Ronald
Ottaviano was indicted in the District of New Jersey for money laundering, tax
evasion, wire fraud and conspiracy as a result of acting on his belief that he
was not subject to the tax laws of the United States nor the penalties that
flow from flouting them. At trial, he represented himself, and as described in United States v.
Ottaviano, ___ F.3d. ___, Nos. 11-4553 and 13-1119 (3d Cir., December 24, 2013),
initially was able, whilst being tried with four, counseled co-defendants, not
to raise the ire of the trial judge. However, once the Government rested, and
his defense began, his relations with the trial judge went downhill.
Ottaviano
not only did not pay taxes, but operated a company that, for $3,500 (or $5,000
if purchased jointly by two persons), would file documents with federal and
state governments that would purportedly turn the purchasing/participating
taxpayer into a creditor of the government.
Ottaviano claimed to be a college and law school graduate, a CFP, and
certified to represent taxpayers before the IRS, none of which was true. He
also told his customers that the documents he filed on their behalf would
satisfy all of their outstanding loans.
Despite
warnings that his scheme was illegal, Ottaviano forged ahead. Suspicious
employees reported his activities to law enforcement, and the IRS also had its
eye on him. It eventually searched his home, mailbox and office, seizing
documents and computers.
The
Government’s case was pedestrian but overwhelming, with proof of dummy computer
servers for show for visitors to his company’s office while real computers
conducting the company’s business were hidden away, and recorded phone
conversations of Ottaviano’s both before arrest and from jail.
Ottaviano’s
troubles at trial, other than the evidence the government presented, began when
he tried to present his case. He called
13 witnesses, but they had trouble showing up at the right day and time. By the
fourth week of trial, the trial judge’s patience was wearing thin. His
irritation began to show with skeptical questions during direct and cross-examination
of Ottaviano’s clients. However, when Ottaviano himself took the stand, the trial
judge became more aggressive. As his direct testimony began, while Ottaviano
explained his work history, the judge asked, in a leading manner, whether he
put on his resumé that he was a college graduate when he was not. At another
point, when Ottaviano wanted to admit a letter into evidence that the
government had not received, the judge excused the jury, as well as Ottaviano, and had a discussion with all counsel, including Ottaviano’s standby counsel. When
the latter pointed out that legal issues were being discussed in Ottaviano’s
absence while he was proceeding pro se, the judge said he had a reason for that.

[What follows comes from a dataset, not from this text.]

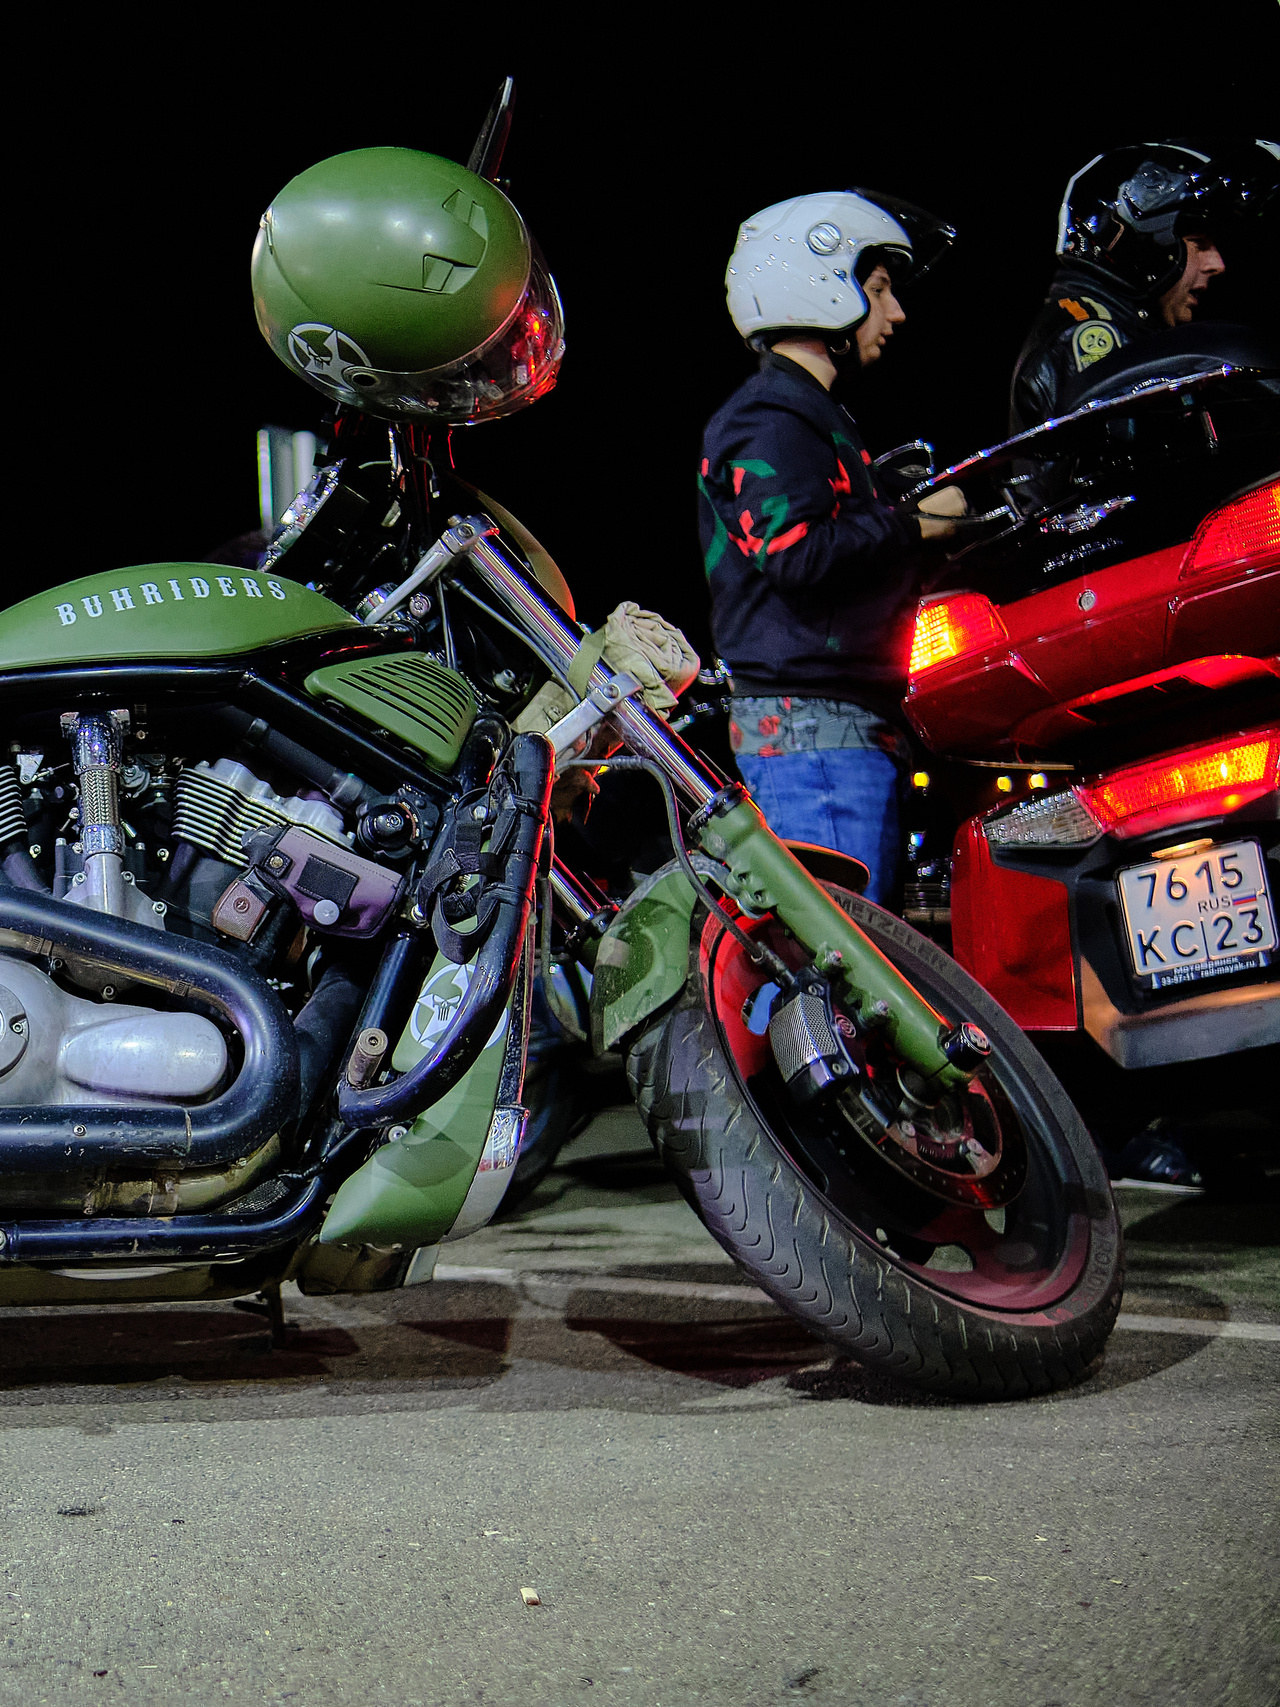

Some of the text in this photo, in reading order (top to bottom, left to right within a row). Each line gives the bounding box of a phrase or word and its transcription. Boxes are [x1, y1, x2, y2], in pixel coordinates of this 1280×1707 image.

When Ottaviano resumed the stand, the judge began to question him skeptically and
aggressively about the false education claims, and about Ottaviano’s testimony
that he did not file tax returns and did not believe in federal tax liability.
The judge asked many other similarly skeptical questions during Ottaviano’s
testimony, which took up 140 pages of a 3300 page transcript. Although neither Ottaviano
or his standby counsel objected during the questioning, Ottaviano, on the
following day before the jury came in, move for a mistrial, complaining— not
without reason— that the judge was cross-examining him. The judge,
responding to this accusation, said that he did not think he acted
inappropriately but in any event if he had not asked the questions, the
government would have. Ottaviano was convicted, and appealed.
Otaviano
raised four issues on appeal. The Court
first dealt with the judge’s questioning.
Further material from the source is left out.